2 cent interest refers to the monthly interest, that is, the monthly interest rate is 2%. Suppose you borrow 20,000 yuan and the term is one year.
1. For private loans, use a single Calculate interest. The interest on bank deposits is the simple interest method = principal × interest rate × one-year interest = 20,000 × 2% × 12 = 4,800 yuan.
2. The loan shark company uses compound interest to calculate interest, that is, compound interest to calculate interest. The formula is: F=P×(1+i)N (power) F: compound interest terminal value P: Principal i: Interest rate N: The sum of principal and interest is an integer multiple of the interest rate acquisition time = 20000 × (1+2%)^12 = 25364.84 yuan. One year’s interest = 25364.84-20000 = 5364.84 yuan.
Extended information:
Interest generating factors:
1. Delay in consumption
When a lender lends money, it means delay consumption of consumer goods.
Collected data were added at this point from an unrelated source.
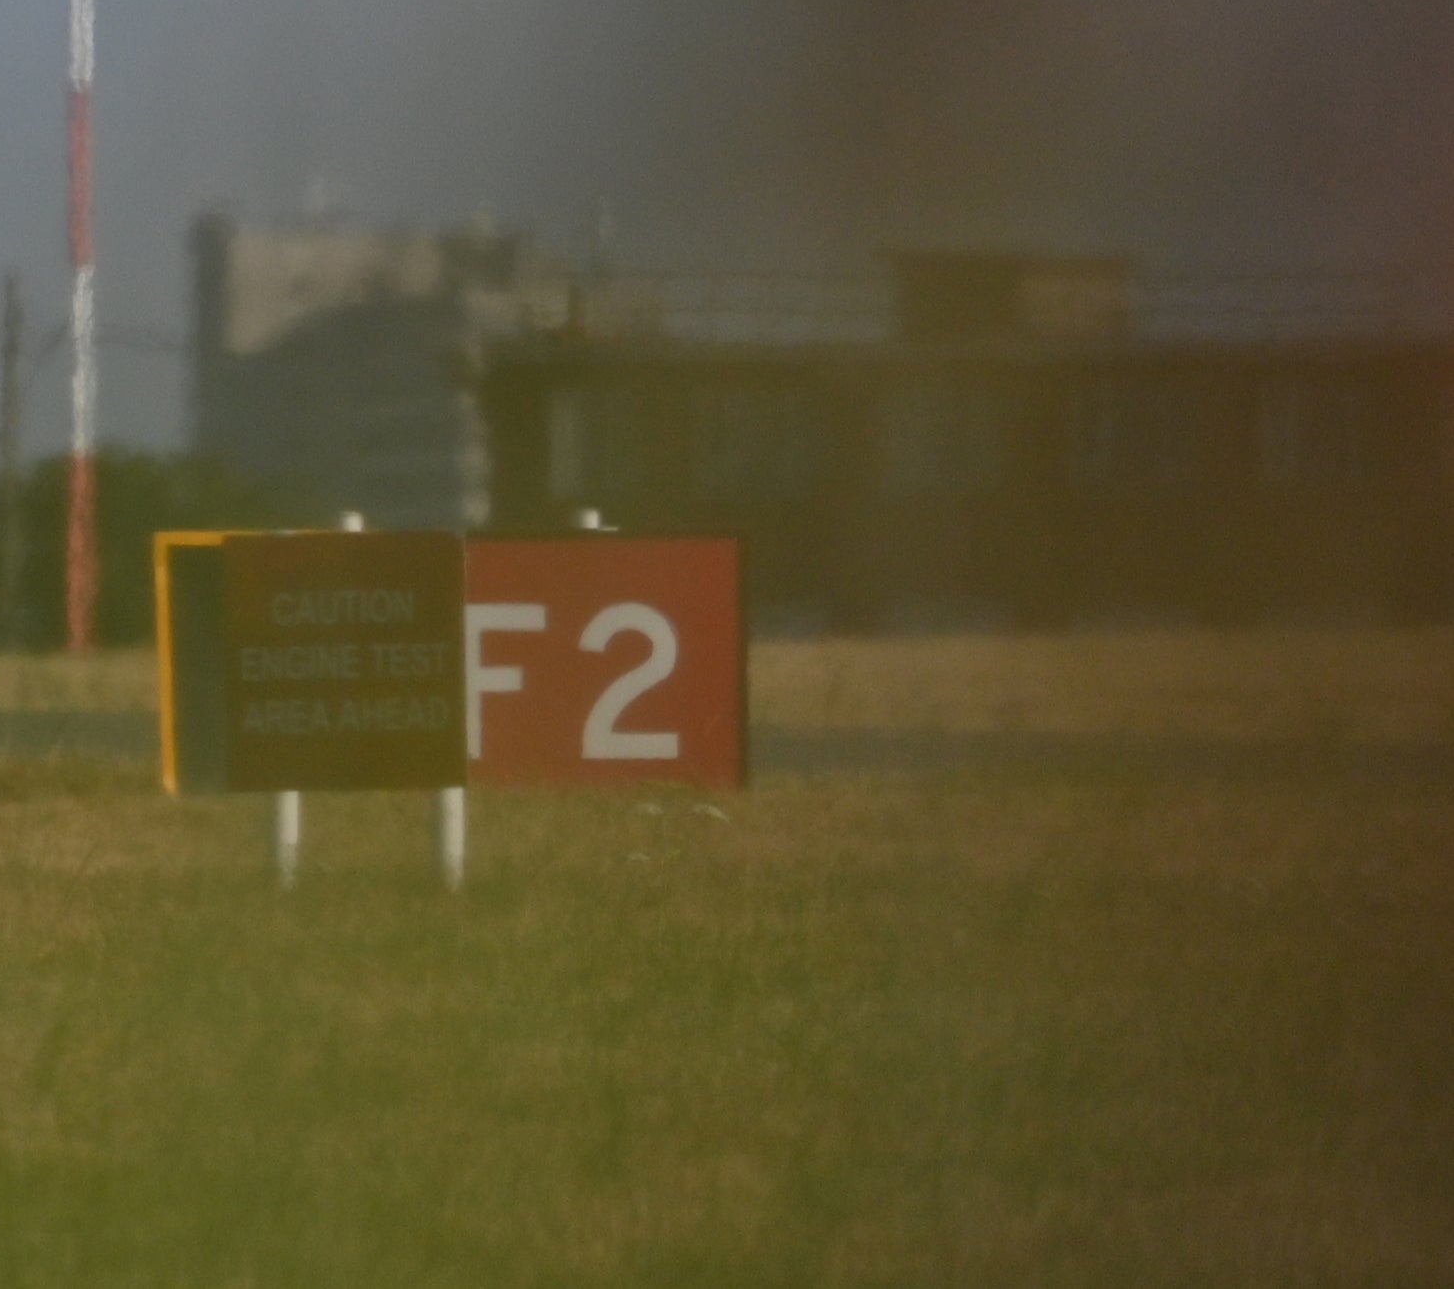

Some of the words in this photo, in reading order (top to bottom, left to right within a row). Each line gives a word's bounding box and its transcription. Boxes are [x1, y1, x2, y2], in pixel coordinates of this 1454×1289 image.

[271, 589, 414, 625] CAUTION
[241, 644, 360, 681] ENGINE
[369, 641, 448, 677] TEST
[243, 699, 330, 733] AREA
[337, 694, 449, 731] AHEAD
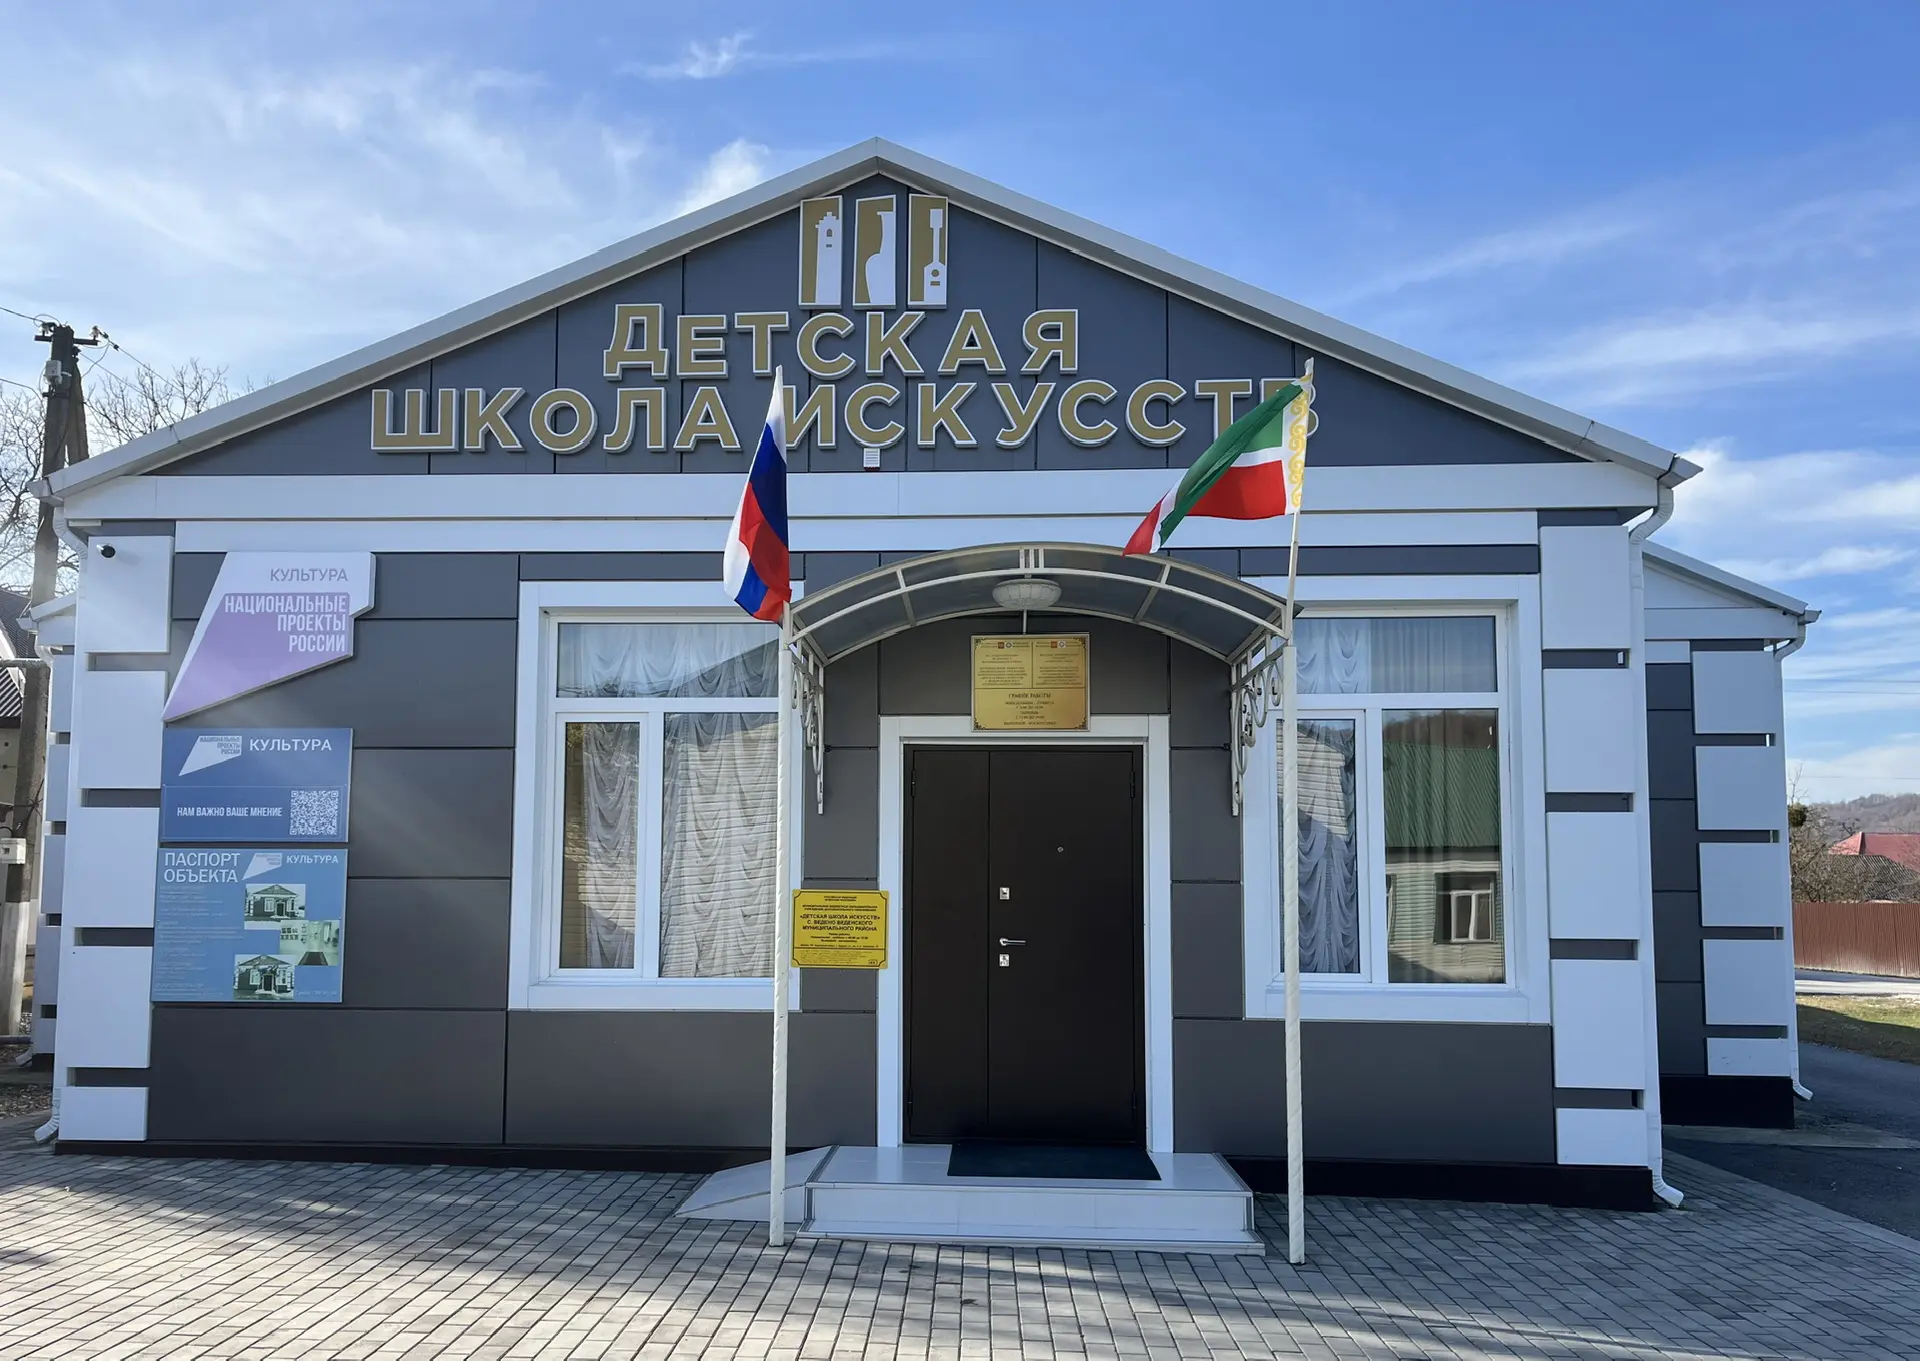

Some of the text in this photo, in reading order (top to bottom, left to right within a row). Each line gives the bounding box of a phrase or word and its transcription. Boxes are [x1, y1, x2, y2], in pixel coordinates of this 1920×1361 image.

[603, 303, 1079, 381] ДЕТСКАЯ
[371, 386, 742, 454] ШКОЛА
[269, 567, 348, 582] КУЛЬТУРА
[224, 595, 347, 614] НАЦИОНАЛЬНЫЕ
[277, 614, 346, 631] ПРОЕКТЫ
[288, 634, 345, 652] РОССИИ
[249, 738, 332, 751] КУЛЬТУРА
[177, 806, 283, 817] НАМ ВАЖНО ВАШЕ МНЕНИЕ
[164, 852, 241, 867] ПАСПОРТ
[286, 854, 339, 865] КУЛЬТУРА
[163, 868, 239, 883] ОБЪЕКТА
According to the principle of time preference, consumers will prefer current goods to future goods, so positive interest rates will appear in the free market.
2. Expected inflation
Most economies will experience inflation, which means that an amount of money will buy fewer goods in the future than now. Therefore, the borrower needs to compensate the lender for losses during this period.
3. Substitute investments
Lenders have the option to put their money in other investments. Due to opportunity costs, lenders who lend money are giving up possible returns on other investments. Borrowers compete with other investments for this funding.
4. Investment risks
The borrower is at risk of bankruptcy, absconding or non-payment of debts at any time. Lenders need to charge additional money to ensure that in these circumstances, they still Compensation is available.
5. Liquidity preference
People would prefer that their funds or resources can be traded immediately at any time, rather than requiring time or money to retrieve them. Interest rates also compensate for this.